Liability under the False Claims Act (“FCA”) results in the imposition of treble damages and penalties. Government contractors should be aware that the mandatory penalties for FCA violations may nearly double starting in August of 2016.

On November 2, 2015, President Obama signed into law the Federal Civil Penalties Inflation Adjustment Act Improvements Act of 2015 (Sec. 701 of Public Law 114-74) (the “2015 Act”). The 2015 Act requires federal agencies to issue regulations adjusting civil monetary penalties for inflation to retain the deterrent effect of those penalties. Agencies must make a catch-up adjustment for civil monetary penalties with the new levels published by July 1, 2016, to take effect no later than August 1, 2016. Further, agencies are required to make annual inflationary adjustments starting in January 2017 based on the Office of Management and Budget (“OMB”) guidance with adjusted penalties to take effect immediately.

The Department of Justice (“DOJ”) last adjusted the penalties under the FCA in 1999, pursuant to the Debt Collection Improvement Act of 1996, raising penalties 10 percent to a minimum of $5,500 and a maximum of $11,000. The Railroad Retirement Board is the only agency so far to issue its new penalty amounts under the FCA—specifically for railroad claims—setting a new minimum penalty of $10,781 per claim and a new maximum penalty of $21,563 per claim. Other agencies, including DOJ, are expected to increase their FCA penalties to the same amounts. 

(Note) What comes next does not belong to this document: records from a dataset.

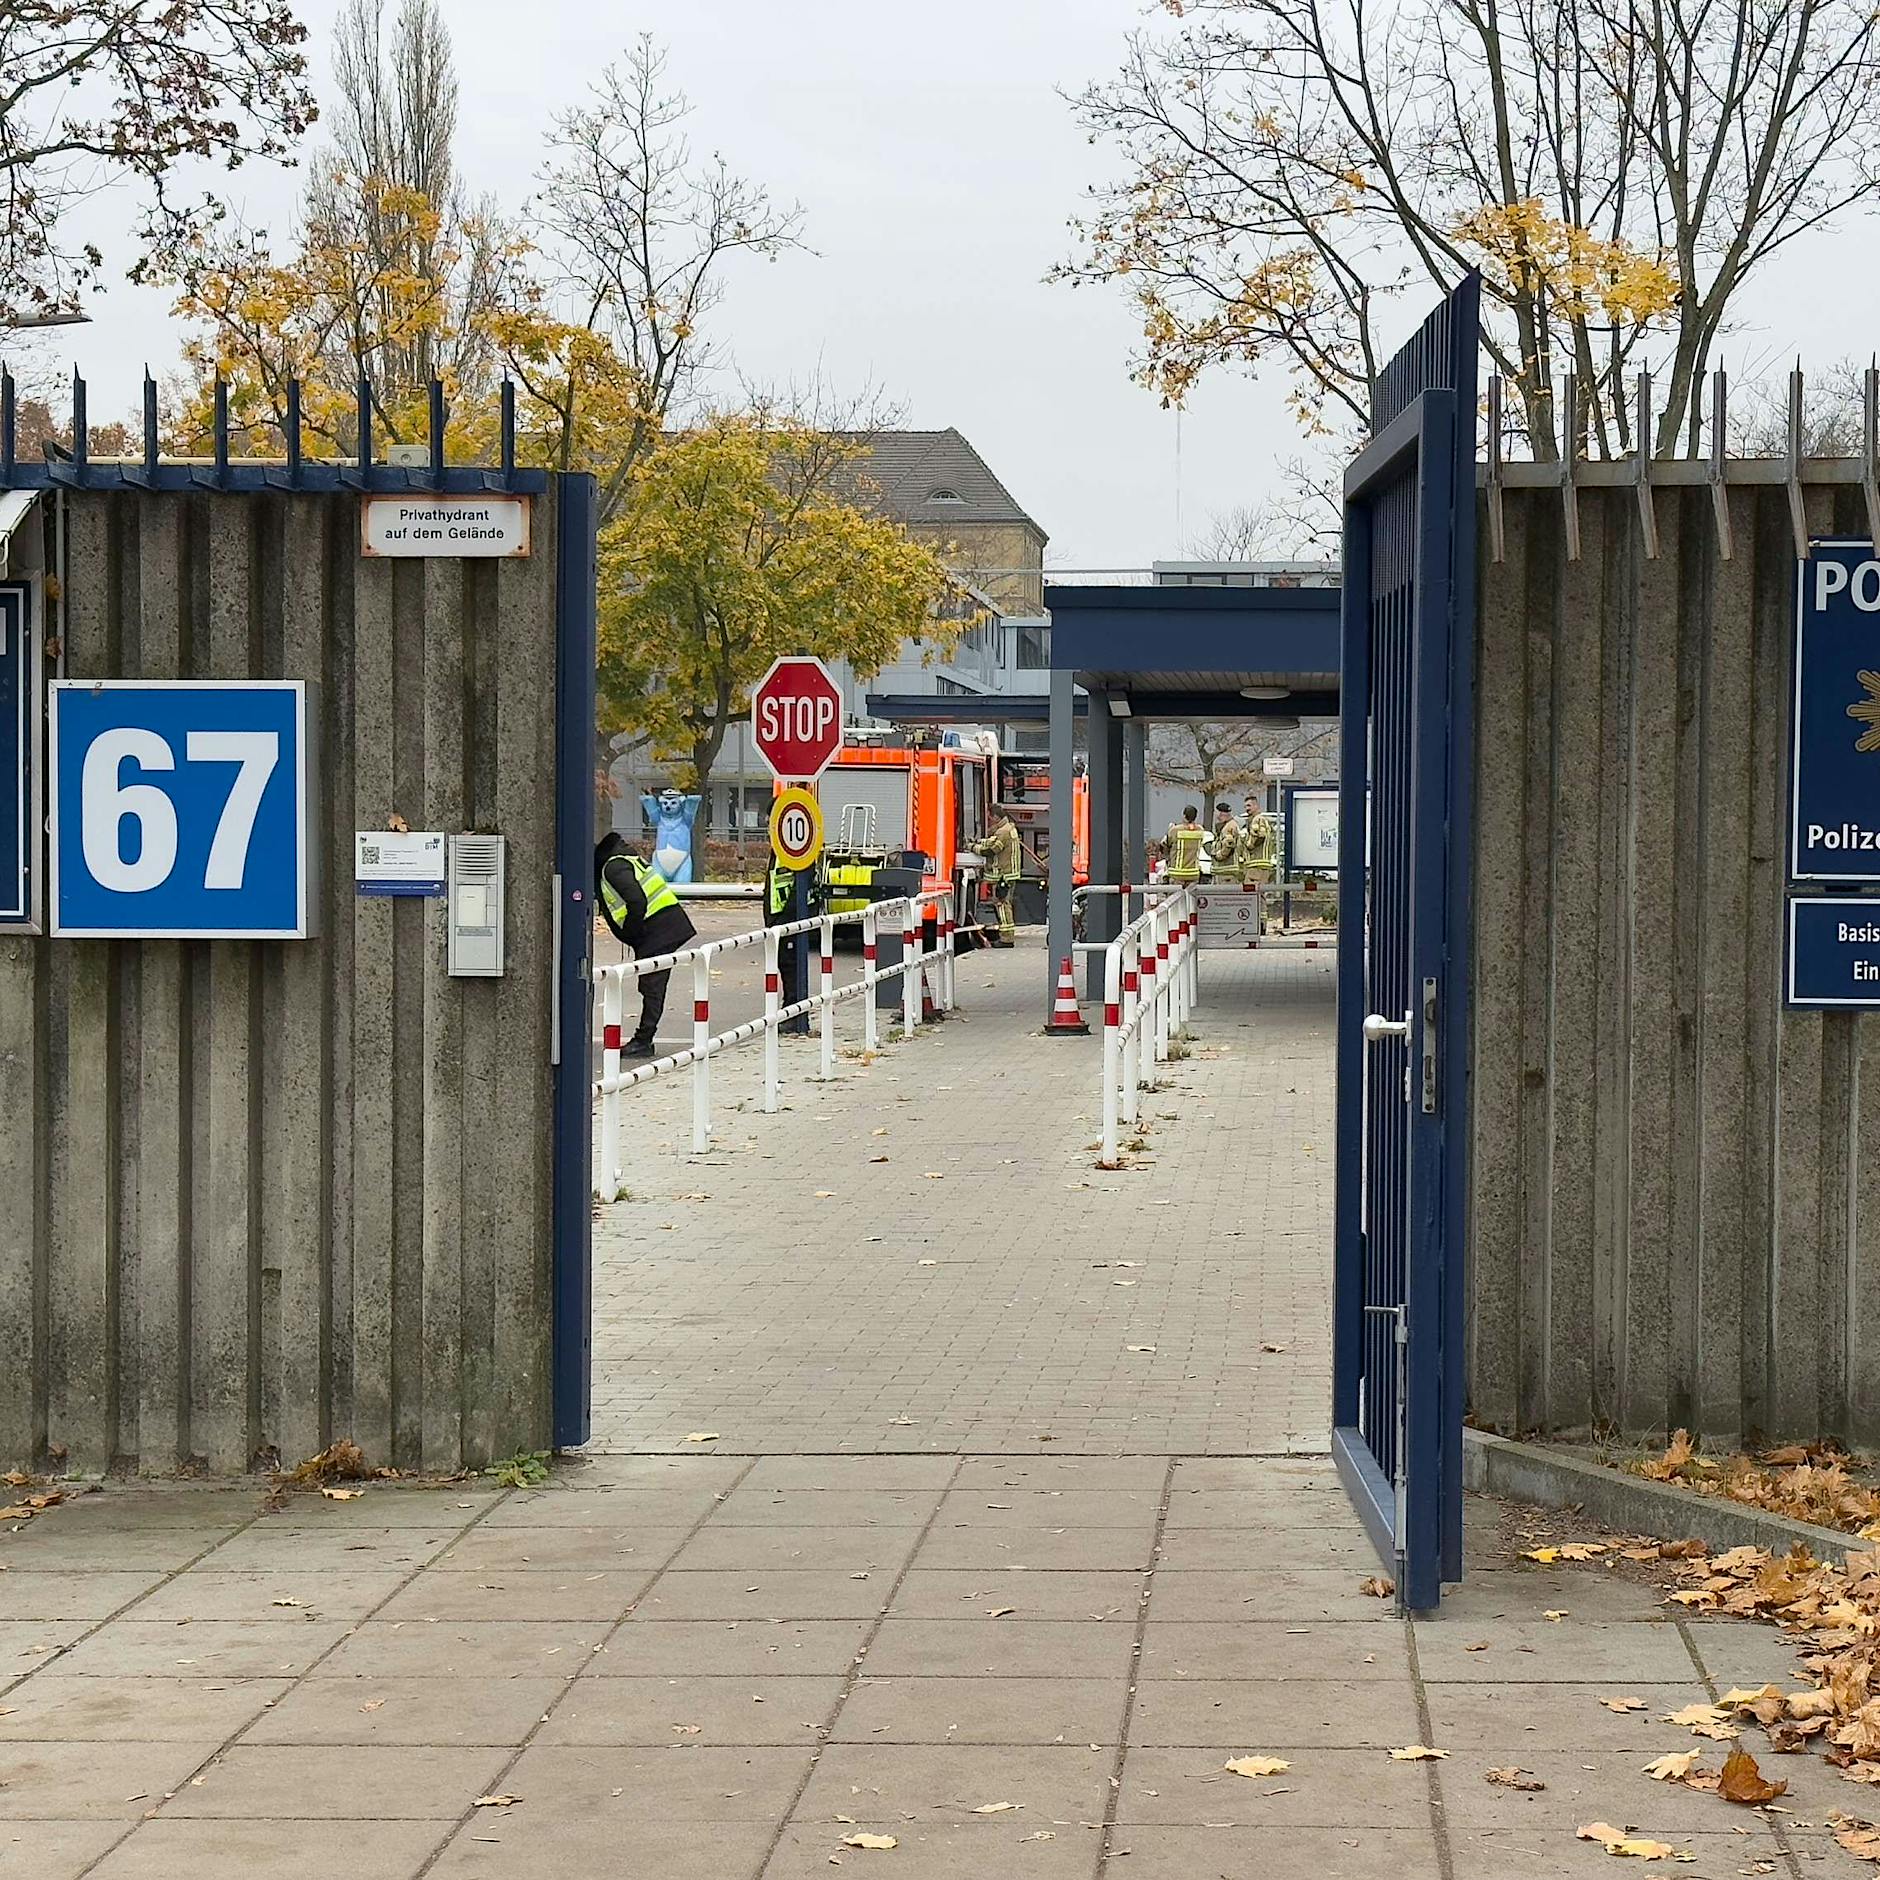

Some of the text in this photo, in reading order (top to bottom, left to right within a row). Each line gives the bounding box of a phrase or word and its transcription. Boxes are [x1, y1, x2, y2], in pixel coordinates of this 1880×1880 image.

[400, 509, 489, 522] Privathydrant
[385, 527, 504, 539] auf dem Gelände
[1815, 560, 1880, 612] PO
[761, 696, 833, 742] STOP
[81, 726, 280, 894] 67
[786, 816, 806, 842] 10
[1838, 922, 1880, 942] Basis
[1853, 960, 1879, 981] Ein

These increases are significant because the penalties are automatic and mandatory for each false claim submitted to the government. While the penalties are required only when a judgment is entered against the contractor by the court, the threat of such high penalties gives substantial leverage to the government in negotiating settlements of FCA claims. The mandatory penalties are already a hot topic in the FCA arena because the liability that government contractors rack up in penalties often exceeds any actual harm incurred by the government. For example, a contractor that submits thousands of invoices for a relatively cheap product or service that are found to be improper under the FCA could result in millions of dollars in penalties despite the contractor only being paid a few hundred thousand dollars by the government. In fact, in many FCA cases, the parties dispute whether the resulting penalties violate the Eighth Amendment’s Excessive Fines Clause, which prohibits penalties that are grossly disproportional to the gravity of a defendant’s offense.

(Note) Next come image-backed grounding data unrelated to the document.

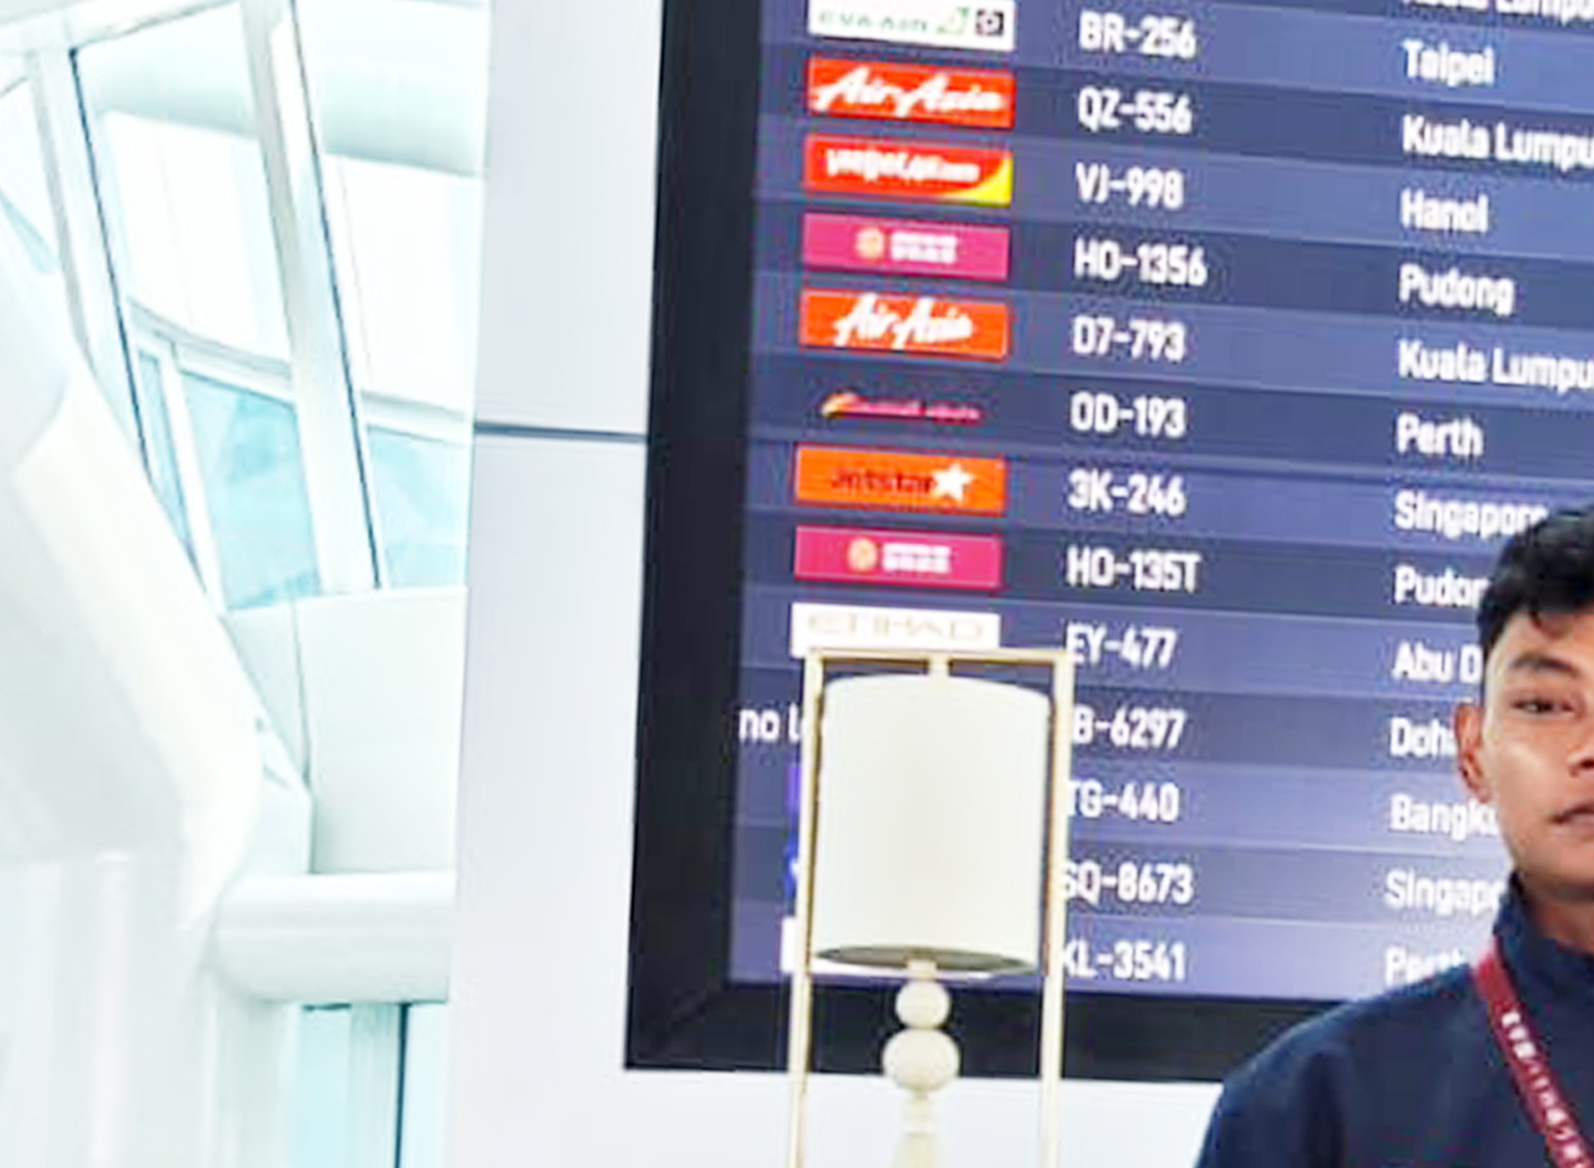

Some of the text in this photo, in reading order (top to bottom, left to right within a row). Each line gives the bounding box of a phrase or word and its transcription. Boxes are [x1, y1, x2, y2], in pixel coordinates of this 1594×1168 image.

[1079, 11, 1197, 58] BR-256
[1403, 39, 1495, 86] Taipei
[1078, 87, 1193, 134] QZ-556
[1402, 114, 1490, 159] Kuala
[1075, 162, 1184, 209] VJ-998
[1401, 189, 1489, 233] Hanoi
[1074, 238, 1208, 286] HO-1356
[1399, 263, 1515, 316] Pudong
[1073, 315, 1186, 361] D7-793
[1398, 340, 1488, 382] Kuala
[1071, 391, 1186, 438] OD-193
[1397, 413, 1483, 457] Perth
[1068, 469, 1186, 516] 3K-246
[1067, 546, 1201, 593] HO-135T
[1394, 565, 1489, 608] Pudon
[1066, 623, 1177, 668] EY-477
[1392, 642, 1454, 683] Abu
[739, 709, 780, 741] no
[1072, 705, 1187, 749] B-6297
[1390, 793, 1500, 842] Bangko

This upsurge in FCA mandatory penalties underscores the importance of the U.S. Supreme Court’s upcoming decision in Universal Health Services v. United States ex rel. Escobarwhich we wrote about here. If the court rules in favor of the viability of the implied certification theory of liability under the FCA, government contractors could face record penalties for potentially minor breaches of contract or regulation. Ultimately, Eighth Amendment litigation in FCA cases is likely to increase as a result of the new penalties as an avenue to escape the FCA’s onerous monetary consequences.